Poeta Jaromir G. nazywany był milczkiem. Mało mówił, pozdrawiał skinieniem głowy. Słowa chował głęboko. Były zbyt cenne. Wygładzał je całymi dniami i wieczorami. Układał w zgrabne związki, budował zdania, które bezustannie dopieszczał. Bo słowa były całym światem Jaromira G. i polisą na przyszłość. Tworzyły jego jestestwo, lęgły się w głowie, budziły w nocy. Czasami czuł się udręczony ich natłokiem.

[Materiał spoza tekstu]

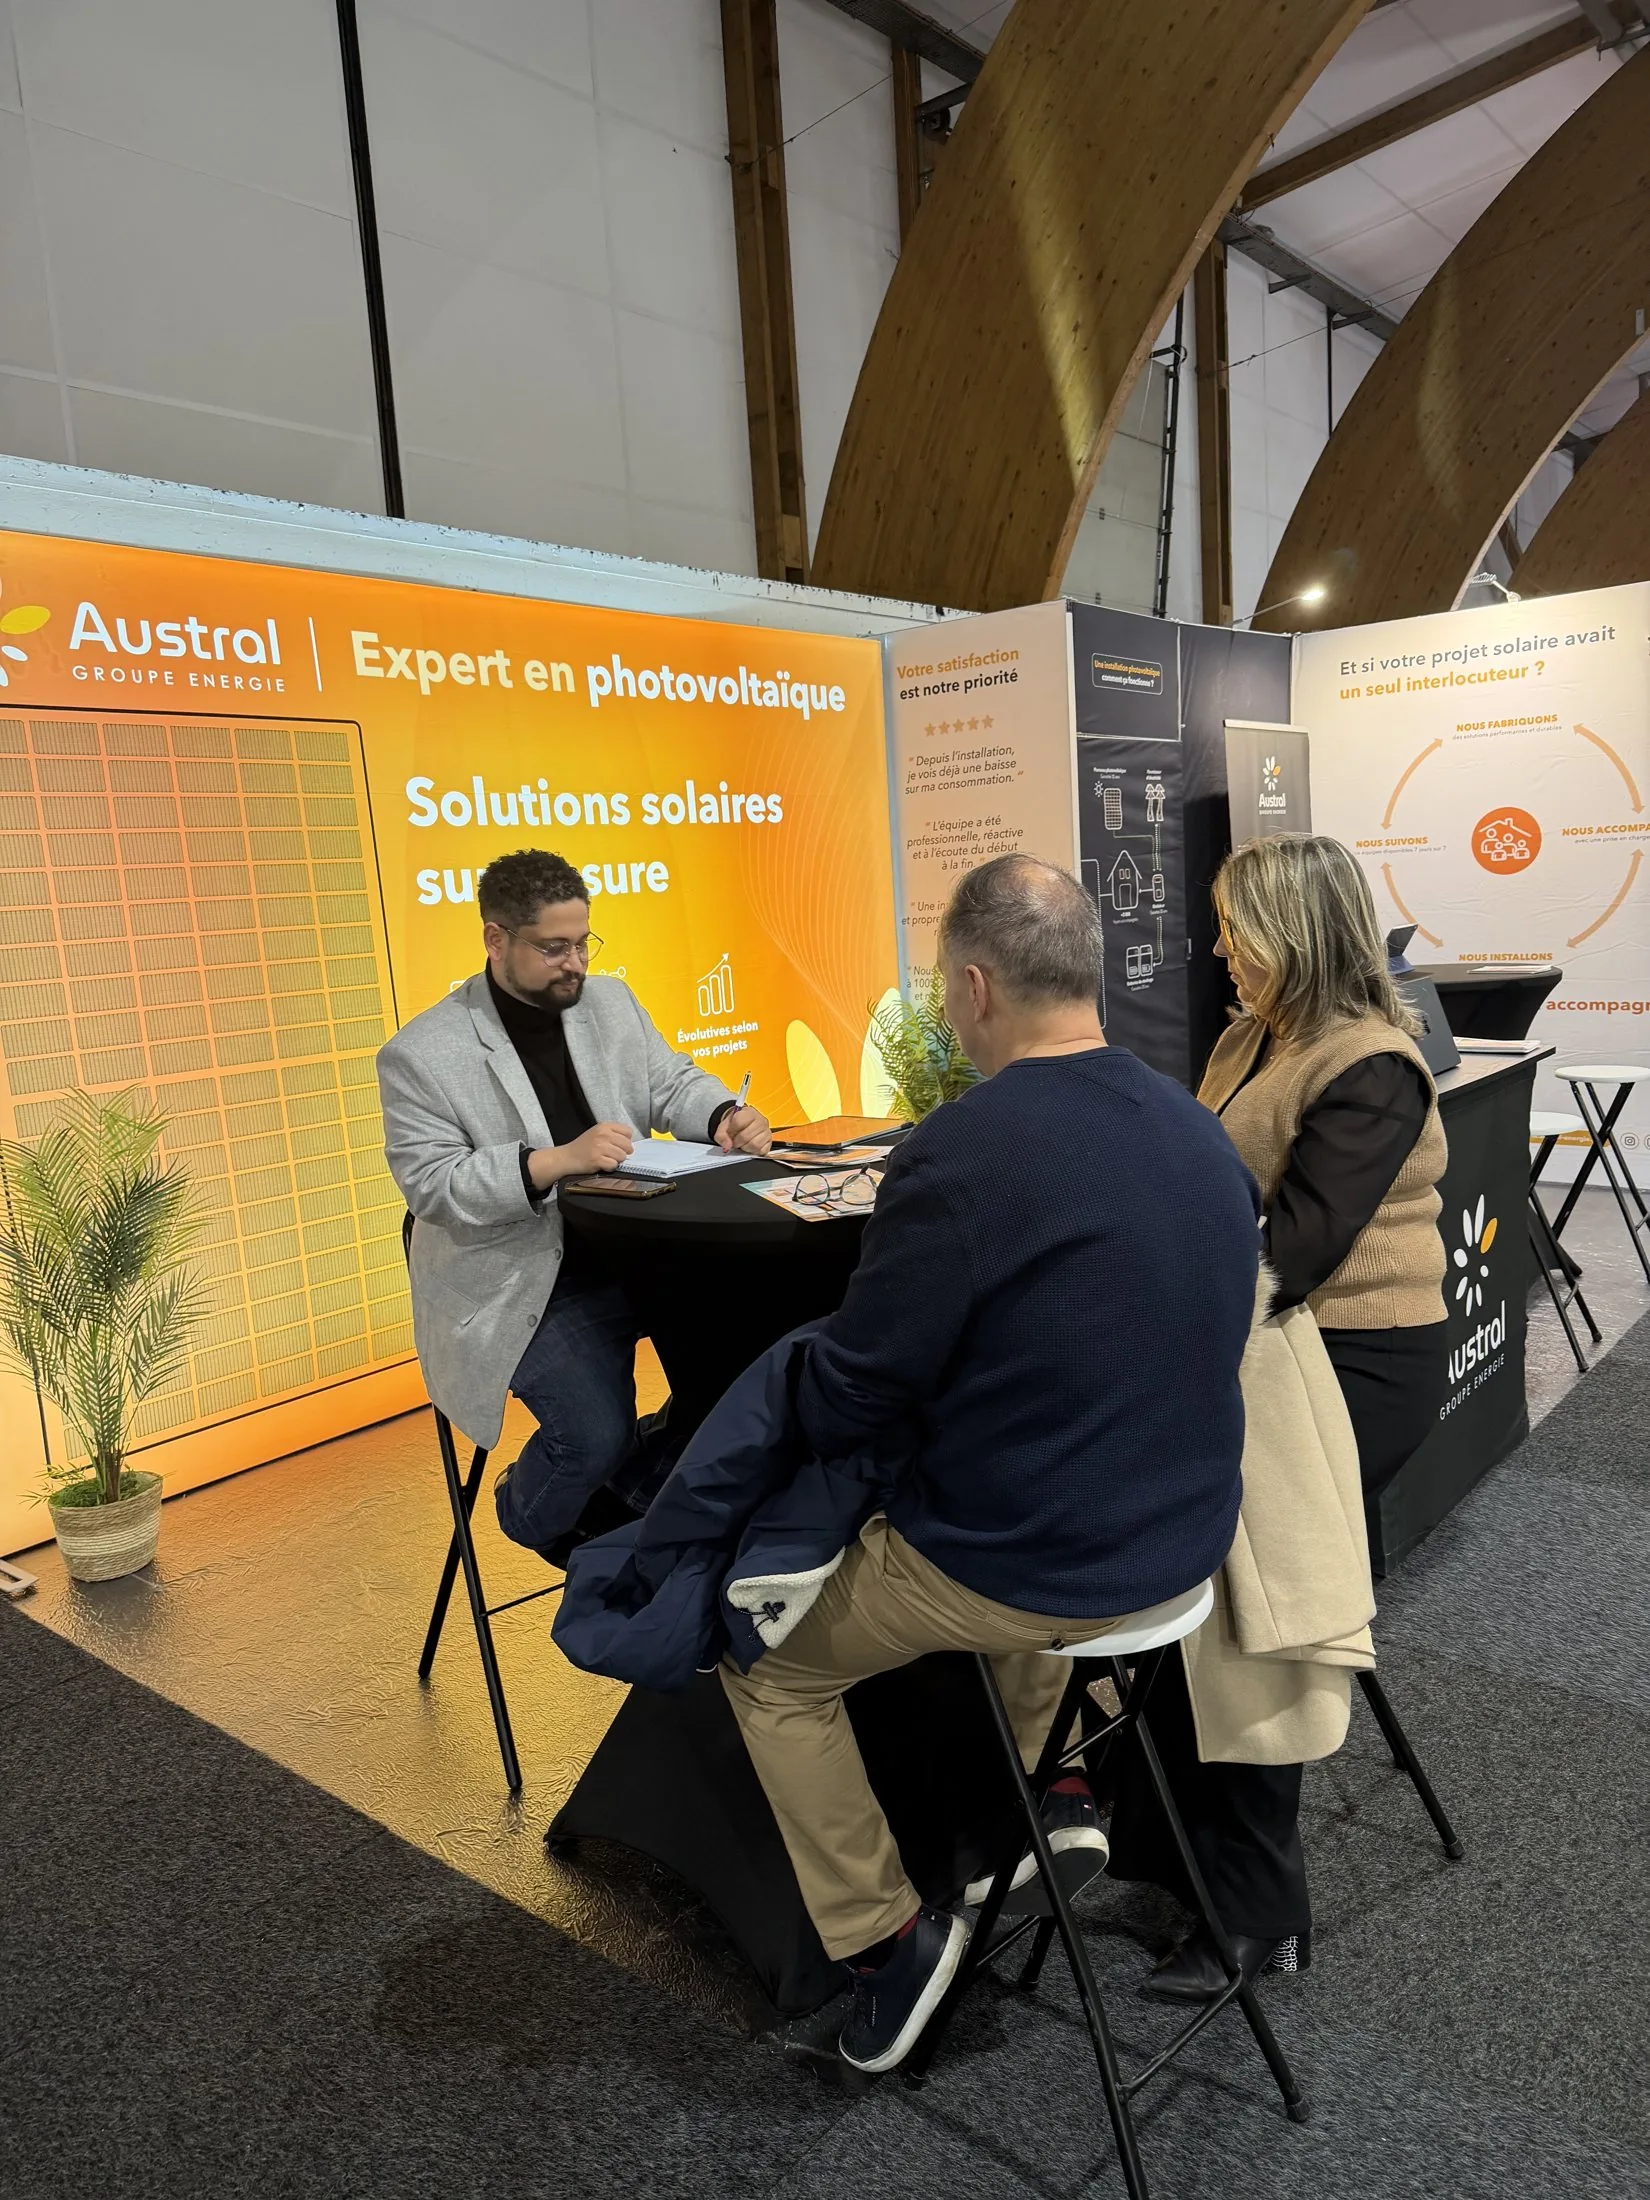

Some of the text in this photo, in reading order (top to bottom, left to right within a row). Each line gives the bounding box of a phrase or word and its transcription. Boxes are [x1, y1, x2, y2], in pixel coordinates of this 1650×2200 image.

[69, 601, 283, 666] Austral
[1340, 625, 1616, 675] Et si votre projet solaire avait
[350, 630, 847, 720] Expert en photovoltaïque
[896, 649, 1020, 680] Votre satisfaction
[71, 665, 286, 693] GROUPE ENERGIE
[900, 667, 1018, 700] est notre priorité
[1340, 660, 1546, 700] un seul interlocuteur ?
[1456, 714, 1558, 732] NOUS FABRIQUONS
[916, 752, 950, 767] Depuis
[907, 759, 1017, 784] je vois déjà une baisse
[905, 784, 920, 795] sur
[920, 783, 936, 793] ma
[937, 773, 1015, 791] consommation.
[405, 775, 784, 828] Solutions solaires
[1259, 792, 1286, 808] Austral
[976, 819, 983, 827] a
[984, 814, 1002, 827] été
[1562, 826, 1594, 837] NOUS
[907, 827, 1024, 850] professionnelle, réactive
[1355, 836, 1429, 848] NOUS SUIVONS
[912, 850, 922, 860] et
[923, 848, 929, 859] à
[970, 843, 985, 855] du
[986, 841, 1019, 853] début
[941, 860, 948, 871] à
[950, 859, 959, 870] la
[581, 860, 670, 897] sure
[917, 900, 935, 912] Une
[901, 916, 911, 926] et
[1458, 952, 1553, 961] NOUS INSTALLONS
[676, 1020, 759, 1044] Évolutives selon
[692, 1039, 748, 1058] vos projets
[1439, 1352, 1505, 1421] GROUPE ENERGIE
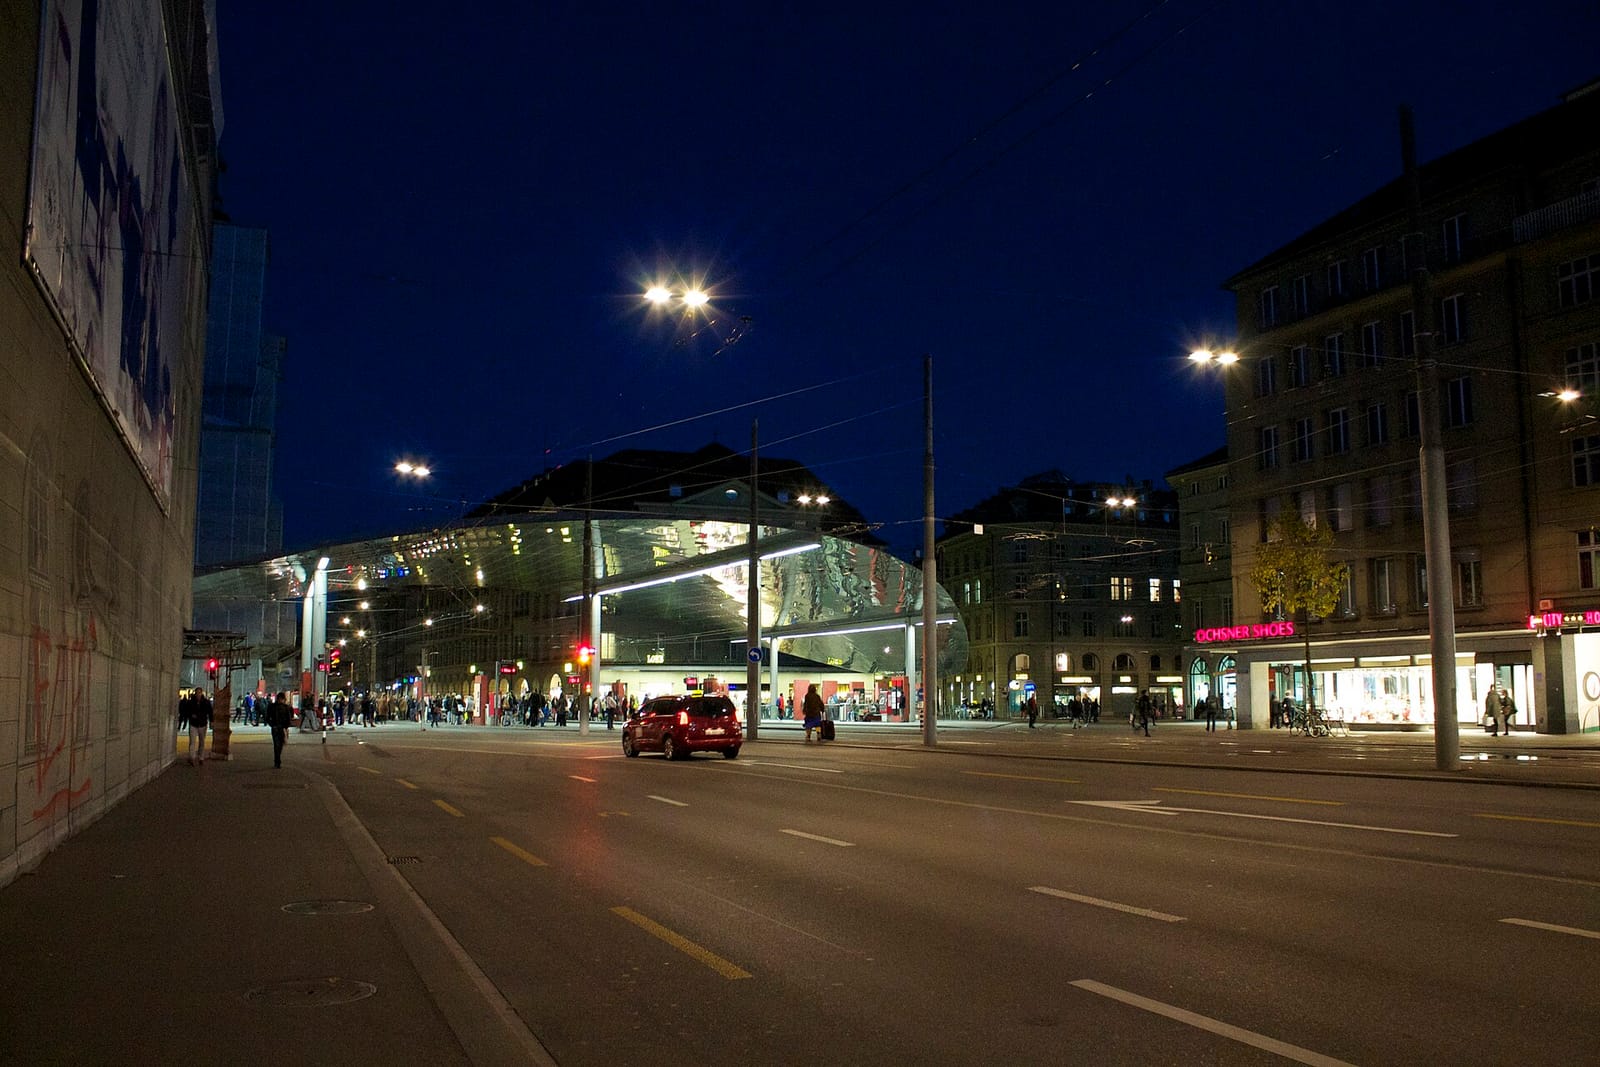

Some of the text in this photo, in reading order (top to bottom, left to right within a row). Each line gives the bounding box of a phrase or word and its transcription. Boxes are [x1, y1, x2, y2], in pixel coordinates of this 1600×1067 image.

[1543, 613, 1562, 626] CITY
[1196, 622, 1294, 642] OCHSNER SHOES
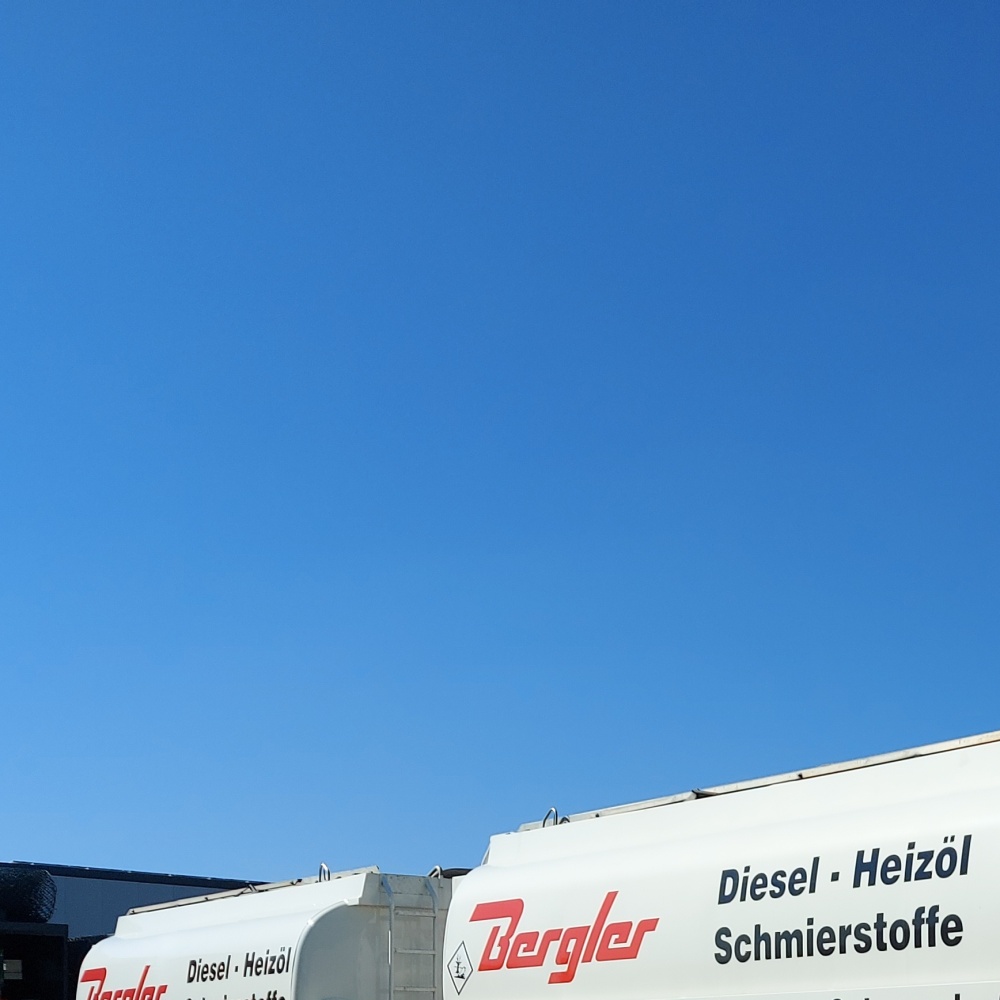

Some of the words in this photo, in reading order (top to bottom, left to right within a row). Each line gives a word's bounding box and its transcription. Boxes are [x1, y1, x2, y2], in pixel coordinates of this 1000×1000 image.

[717, 856, 820, 905] Diesel
[852, 834, 972, 888] Heizöl
[187, 955, 231, 983] Diesel
[243, 947, 292, 977] Heizöl
[469, 890, 660, 984] Bergler
[714, 904, 963, 965] Schmierstoffe
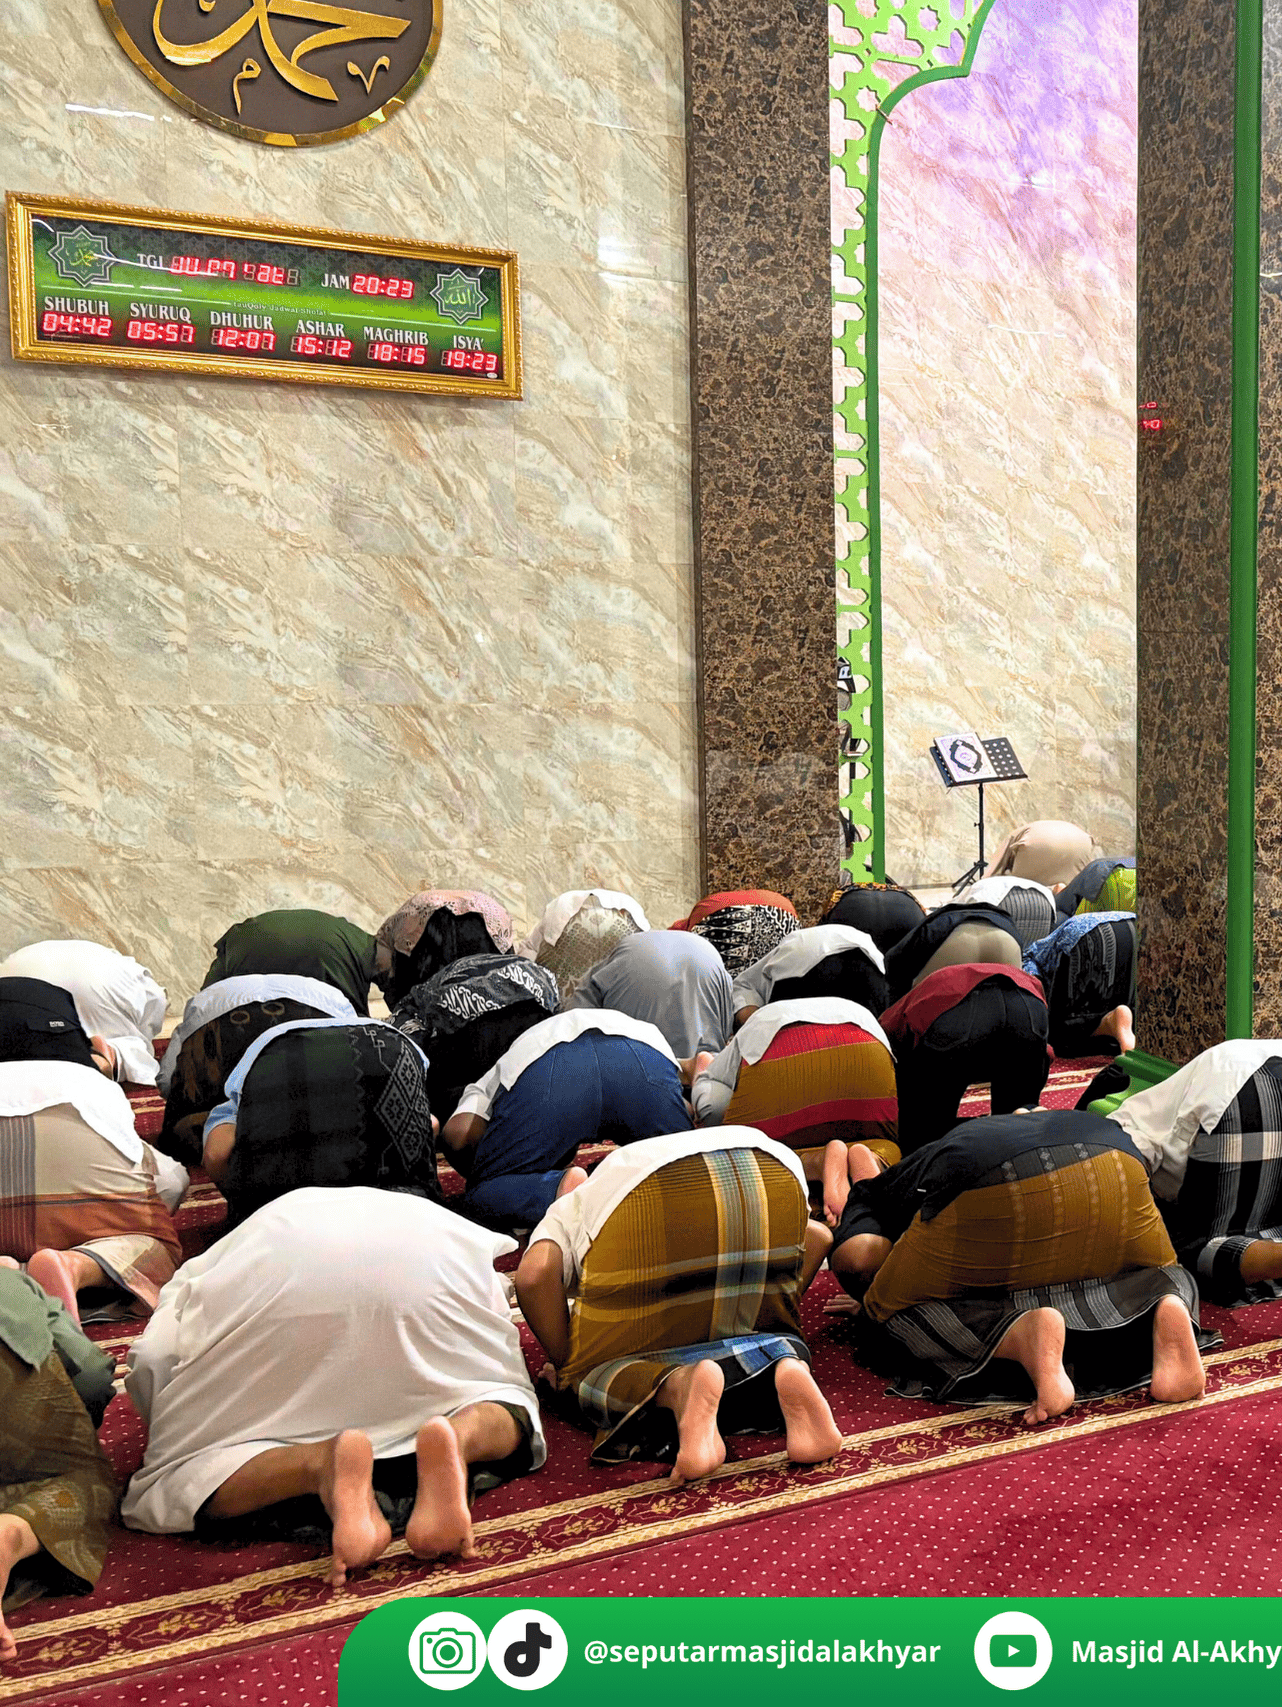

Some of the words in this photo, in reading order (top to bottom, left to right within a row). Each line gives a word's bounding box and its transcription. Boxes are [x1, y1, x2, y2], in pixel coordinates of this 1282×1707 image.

[321, 273, 350, 290] JAM
[352, 275, 414, 299] 20:23
[43, 313, 112, 337] 04:42
[127, 321, 194, 343] 05:57
[212, 329, 275, 351] 12:07
[295, 335, 352, 358] 15:12
[371, 344, 426, 365] 18:15
[445, 351, 498, 371] 19:23
[44, 296, 110, 316] SHUBUH
[130, 302, 192, 324] SYURUQ
[210, 311, 274, 331] DHUHUR
[296, 319, 346, 338] ASHAR
[363, 326, 429, 346] MAGHRIB

Zaciskał usta, by nie wymknęły się bez kontroli, nie wybrzmiały bezcelowo i rozrzutnie. Gdyby słowa odkładał w banku jak pieniądze miałby już spore odsetki.

Upłynęły lata jego męczarni, aż pewnego dnia spotkał kobietę. Była poezją – w każdym geście, spojrzeniu, uśmiechu. Jaromir G. stracił kontrolę nad sobą i słowami. Wypłynęły ogrzane sercem i skrywaną tęsknotą. Płynęły strumieniem do ukochanej kobiety. Cały skarb Jaromira G. ujawnił się i błyszczał jak promienie słońca odbite od wód jeziora. Tak długo uwięzione uwolniły się i wybrzmiały dźwięcznie, otulając ukochaną. Kobieta chłonęła słowa, zbierała je z ust i dłoni Jaromira jak drogocenne perły. Oddał ich tak wiele, a wcale ich nie ubywało. Pęczniały jak drożdżowa baba na Wielkanoc. Na miejsce jednego pojawiały się dwa nowe. Jaromir był zdumiony siłą słów i magią. Zrozumiał, że chowanie ich było niepotrzebne. Poukładane w wiersze, zrymowane w układach parzystych, krzyżowych, okalających, teraz tworzyły inną muzykę. Nie tak doskonałą, ale równie piękną.

I Jaromir mówił, mówił, mówił…., a słowa jak płatki śniegu lekko opadały, przysypując Jaromira i jego ukochaną.

Udostępnij na..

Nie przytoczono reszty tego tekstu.